# TASK DETAILS:
For any picture in the lines below, please leave it out and copy the rest exactly.

§

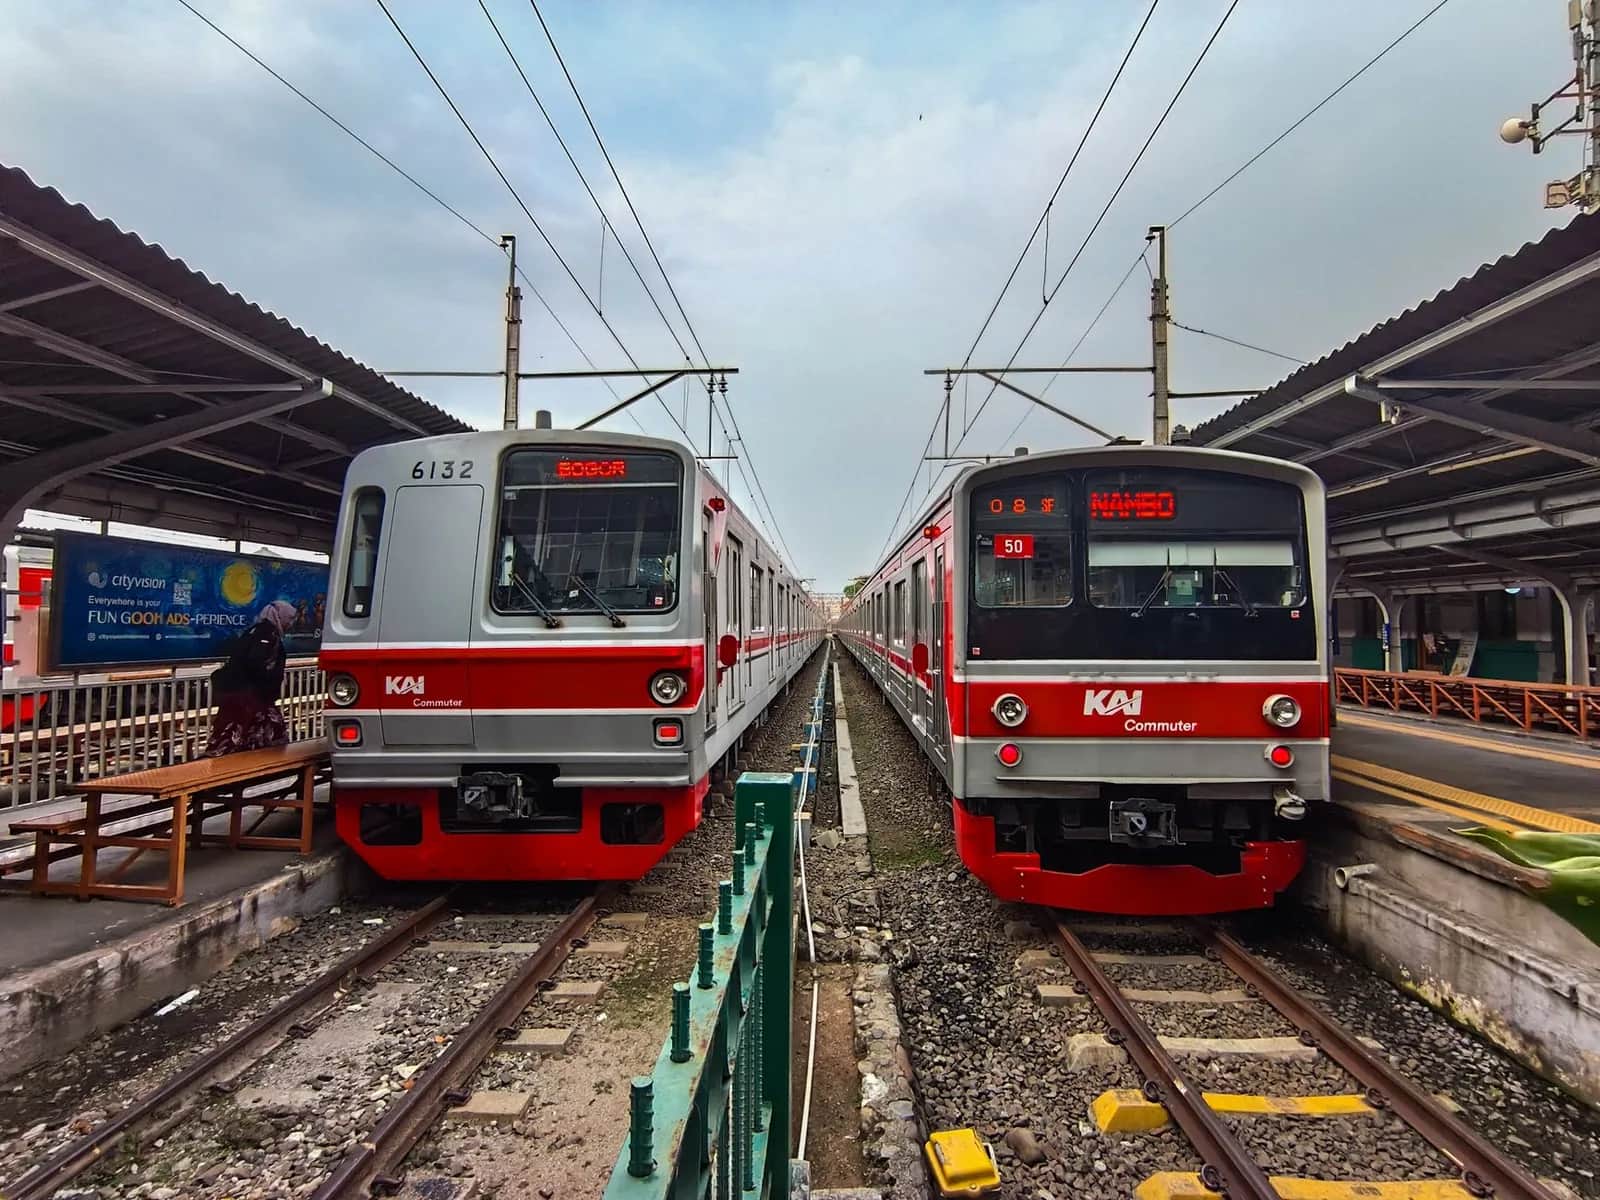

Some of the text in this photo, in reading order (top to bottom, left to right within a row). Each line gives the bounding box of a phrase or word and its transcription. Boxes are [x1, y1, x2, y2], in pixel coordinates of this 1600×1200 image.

[412, 460, 474, 479] 6132
[1004, 539, 1023, 554] 50
[112, 575, 166, 591] cityvision
[88, 595, 161, 608] Everywhere is your
[88, 610, 117, 624] FUN
[385, 675, 425, 695] KAI
[413, 698, 463, 708] Commuter
[1083, 689, 1143, 716] KAI
[1124, 719, 1198, 732] Commuter

§

# TASK ANSWER:
Some of the text in this photo, in reading order (top to bottom, left to right within a row). Each line gives the bounding box of a phrase or word and its transcription. Boxes are [x1, y1, x2, y2], in pixel coordinates of this 1600×1200 image.

[412, 460, 474, 479] 6132
[1004, 539, 1023, 554] 50
[112, 575, 166, 591] cityvision
[88, 595, 161, 608] Everywhere is your
[88, 610, 117, 624] FUN
[385, 675, 425, 695] KAI
[413, 698, 463, 708] Commuter
[1083, 689, 1143, 716] KAI
[1124, 719, 1198, 732] Commuter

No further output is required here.